Microstructural and tribological properties of sputtered AlCrSiWN films deposited with segmented powder metallurgic target materials

Abstract

When synthesizing magnetron sputtered films with a complex stoichiometry, integrating the desired coating constituents into one target material is favorable in order to avoid nanolaminar film depositions and to enable a homogenous film growth. In contrast to alloyed targets, segmented plug targets allow to merge elements with different physical properties in one target material. Two targets, amalgamating 20 and 48 hot-pressed 85.6Cr9.9Si4.5W (at. %) plugs, respectively, into a monolithic aluminum target were fabricated and employed in a direct current magnetron sputtering process to deposit AlCrSiWN films on high-speed steel (AISI M3:2, 1.3344). The cathode powers for the Al(CrSiW)20 and Al(CrSiW)48 targets were varied between 7.5 and 17.5 W/cm2 to analyze how differently composed targets and various cathode powers affect the microstructure and tribological properties of the sputtered films.The results revealed that the chemical composition as well as the thickness of the films strongly depend on the target setup.
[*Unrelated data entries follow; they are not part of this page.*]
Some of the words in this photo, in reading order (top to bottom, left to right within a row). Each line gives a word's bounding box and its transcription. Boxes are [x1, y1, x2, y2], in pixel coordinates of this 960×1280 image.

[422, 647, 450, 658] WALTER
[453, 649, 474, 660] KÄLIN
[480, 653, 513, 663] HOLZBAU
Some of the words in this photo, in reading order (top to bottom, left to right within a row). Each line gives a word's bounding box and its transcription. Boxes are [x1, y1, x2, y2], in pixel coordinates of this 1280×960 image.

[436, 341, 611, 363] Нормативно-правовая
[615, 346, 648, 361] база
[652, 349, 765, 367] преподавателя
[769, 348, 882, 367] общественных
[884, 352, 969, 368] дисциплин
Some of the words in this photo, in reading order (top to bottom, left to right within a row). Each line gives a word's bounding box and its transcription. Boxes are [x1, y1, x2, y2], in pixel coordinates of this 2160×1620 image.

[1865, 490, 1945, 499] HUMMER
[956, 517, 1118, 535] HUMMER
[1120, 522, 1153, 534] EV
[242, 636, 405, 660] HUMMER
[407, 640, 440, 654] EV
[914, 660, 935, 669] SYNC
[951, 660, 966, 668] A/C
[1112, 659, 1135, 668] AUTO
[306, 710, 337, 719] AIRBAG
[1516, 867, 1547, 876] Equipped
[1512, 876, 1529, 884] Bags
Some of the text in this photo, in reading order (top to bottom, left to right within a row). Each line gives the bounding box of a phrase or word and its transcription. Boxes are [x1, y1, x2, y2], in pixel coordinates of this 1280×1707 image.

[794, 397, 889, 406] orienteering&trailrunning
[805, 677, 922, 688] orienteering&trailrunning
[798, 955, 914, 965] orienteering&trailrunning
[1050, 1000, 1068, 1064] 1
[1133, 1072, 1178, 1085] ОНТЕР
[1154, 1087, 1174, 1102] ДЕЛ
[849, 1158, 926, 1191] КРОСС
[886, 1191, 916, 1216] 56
All AlCrSiWN films exhibited a Cr/Si/W ratio of approximately 84/11/6. The Cr and Al contents were dominant (19–29 at. %), while the Si and W contents varied between 2 and 3 at. %. Especially the Al/Cr ratio of the films is affected by the varying Al/CrSiW surface area ratio of the manufactured plug targets. Furthermore, the mechanical properties are significantly influenced by the Al/Cr ratio, which is responsible for a dense coating growth and the crystalline structure of the films. All AlCrSiWN films were (111) textured indicating a B1 (Al, Cr, W)N structure, which exhibited a finer crystalline growth with an increasing cathode power on the Al(CrSiW)20 target. Tribological analyses of the films against Al2O3 balls further revealed that thinner films resulted in a decreased wear coefficient.